EDITION: 5th Birthday.
An extended version of a talk given at Feminism is for Every Body, TWT2022.
I want to preface this by stating that, for me, ‘working class’ is not a synonym for ‘white’. I grew up in a multicultural working-class culture, as so many of us have done, and I therefore find it extremely frustrating that this needs to be pointed out—but sadly, based on past experience, it does.
Where is the working class woman? In much of the theory of the Global North, she’s something of a fugitive figure; she haunts our thinking, but she rarely appears—and is almost never addressed directly. In fact, Black feminist writing is one of the few places we can actually find her, and see her being spoken to, albeit with an inevitable focus on US cultural politics.
One place where she does appear is in Chapter 15 of Marx’s Capital 1—the chapter about ‘Machinery and Large-Scale Industry’. It’s the briefest of appearances; almost an aside, an illustrative flourish, intended to reinforce Marx’s main point. But when I re-read that chapter, three years ago, I came—just for a moment—face-to-face with her. On page 517, Marx says:
In England women are still occasionally used instead of horses for hauling barges, because the labour required to produce horses and machines is an accurately known quantity, while that required to maintain the women of the surplus population is beneath all calculation.1
The specificity of this account never fails to bring me up short: it’s not just working class people being exploited in this way, but women; specifically and precisely women.
And then, just as suddenly as she appeared, she vanishes again; Marx provides a citation (the 1863 Report of the Social Science Congress at Edinburgh), refers to the exploitation as “despicable”, and moves swiftly on to the following section, which finds him talking about “the adult worker and his family,” as though nothing has happened.
But, having glimpsed her, I cannot forget her. For three years, she’s haunted me. She shimmers through my consciousness, hauling the canal-boat, her hands raw from the rope, her shoulders knotting in pain. Cheaper and less trouble than a horse, or a machine: a horse requires a certain amount of food and stabling; a machine requires a certain amount of steel and oil. A working-class woman, on the other hand? Toss her a penny; she’ll be grateful for it, and she’ll learn to make do.
What do I see in her? I see a whole forgotten history. From the very inception of the British working class, women were working—not that you’d know this from the way we talk about the historical British left, with its “union men” and its strange notion that women only recently “entered the workforce”. From the so-called ‘matchgirls’, in 1888, to the women of Grunwick and Dagenham, to take only a few examples, working class women have always worked, and have always acted politically, too.

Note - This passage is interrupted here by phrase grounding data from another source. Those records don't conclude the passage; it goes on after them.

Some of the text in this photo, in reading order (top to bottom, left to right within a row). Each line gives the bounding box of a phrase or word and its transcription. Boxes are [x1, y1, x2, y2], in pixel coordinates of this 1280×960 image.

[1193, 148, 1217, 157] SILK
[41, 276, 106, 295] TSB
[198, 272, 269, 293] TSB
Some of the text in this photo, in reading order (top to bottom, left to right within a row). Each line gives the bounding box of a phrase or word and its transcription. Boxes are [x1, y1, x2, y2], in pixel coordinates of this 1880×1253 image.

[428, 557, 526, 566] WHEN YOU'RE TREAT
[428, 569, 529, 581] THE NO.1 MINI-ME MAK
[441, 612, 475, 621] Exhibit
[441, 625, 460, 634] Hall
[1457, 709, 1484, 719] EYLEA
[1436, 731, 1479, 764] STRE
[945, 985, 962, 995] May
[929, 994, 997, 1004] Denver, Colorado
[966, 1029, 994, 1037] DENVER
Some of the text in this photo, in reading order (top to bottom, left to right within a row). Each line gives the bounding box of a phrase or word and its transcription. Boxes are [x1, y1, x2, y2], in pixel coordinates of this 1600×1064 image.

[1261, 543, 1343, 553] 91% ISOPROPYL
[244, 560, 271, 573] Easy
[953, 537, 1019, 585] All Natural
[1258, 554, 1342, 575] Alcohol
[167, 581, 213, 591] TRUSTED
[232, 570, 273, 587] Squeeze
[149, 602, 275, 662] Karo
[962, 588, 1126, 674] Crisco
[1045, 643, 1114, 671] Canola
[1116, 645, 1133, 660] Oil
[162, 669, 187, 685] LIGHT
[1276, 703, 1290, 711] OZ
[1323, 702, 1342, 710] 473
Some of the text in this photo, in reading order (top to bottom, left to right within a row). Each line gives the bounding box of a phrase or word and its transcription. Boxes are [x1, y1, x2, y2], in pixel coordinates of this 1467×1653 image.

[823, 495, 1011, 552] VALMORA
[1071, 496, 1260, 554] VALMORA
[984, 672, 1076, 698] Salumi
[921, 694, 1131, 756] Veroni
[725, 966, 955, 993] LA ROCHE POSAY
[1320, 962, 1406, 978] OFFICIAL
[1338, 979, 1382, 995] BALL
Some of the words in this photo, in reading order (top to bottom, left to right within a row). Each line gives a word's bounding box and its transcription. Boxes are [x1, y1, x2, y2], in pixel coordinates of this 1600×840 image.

Perhaps I also see myself. I was born and grew up in North Liverpool, into a family of poor Irish Catholics, whose women had pretty much always worked outside the home. Did any of them haul a canal boat? I do not know. I do know that many of them were indeed in receipt of ‘Wages for Housework’: other people’s housework.2 Censuses reveal that many of my foremothers were laundresses, cleaners, menders of clothes. Perhaps we could call this work the domestic equivalent of canal-boat-hauling: the unglamorous shitwork that nobody wants to do, but that is, nonetheless, necessary to the maintenance of things.
Naturalised labour.
Capitalism needs abject populations. The entire social order relies upon the continual (re)production of an exploitable class who are oppressed not only economically and physically, but emotionally and psychically, too. That I am standing here talking to you, rather than hauling a canal-boat or mending posh people’s underpants, is not necessarily a sign of progress: it’s a sign that capitalism has found other horizons of exploitation. Many cleaners working in Britain today are migrant women, often from lands that were colonised and depleted by European states. Today, we find an increasingly feminised labour force in the factories of the Global South, producing our clothes and our household goods in often horrific conditions. Their exploitation makes cheapness possible; why pay to have your clothes mended when for half the price you could simply buy a new one? The sociologist Maria Mies, in her book Patriarchy and Accumulation on a World Scale, refers to studies which
have found out that women in South and South-East Asia are considered to be the most docile, manipulable labour force who, at the same time; show a very high degree of productivity of work.3
From the garment factories of South Asia to the second-hand fabric markets of West Africa, the fabric of our lives is woven from the very specific creation, upholding, and exploitation of racialised, feminised identities: submission, docility, the happy labourer, grateful for scraps. These women, and so many others, are hauling the canal-boats for us. My qualified liberation is built on their exploitation. And, like so much exploitation, it’s naturalised: Asian women are ‘naturally’ docile; African women are ‘naturally’ physically robust enough to carry and sort kilo upon kilo of our rubbish from daybreak til dusk; women in general are ‘naturally’ better at domestic labour, or emotional labour, or reproductive labour; working class people are ‘naturally’ formed for the most menial jobs. As Claudia von Werlhof once observed: “From the standpoint of the rulers… ’nature’ is everything that they do not have to, or are not willing to, pay for.”4
When exploitation is naturalised, we can imagine the exploited happy. The exploiter wants nothing more than their own redemption: the notion that this work that’s done for them is voluntary—a composite act of kindness, of tribute, and of grace—or, at the very least, that it benefits the worker. The woman who hauls that canal-boat is thought to be nothing but grateful for the penny, and the opportunity for more pennies tomorrow. She has no interior life: no pains, no joys, no hopes, no dreams of something better. She just works, and she works, and she is invisible.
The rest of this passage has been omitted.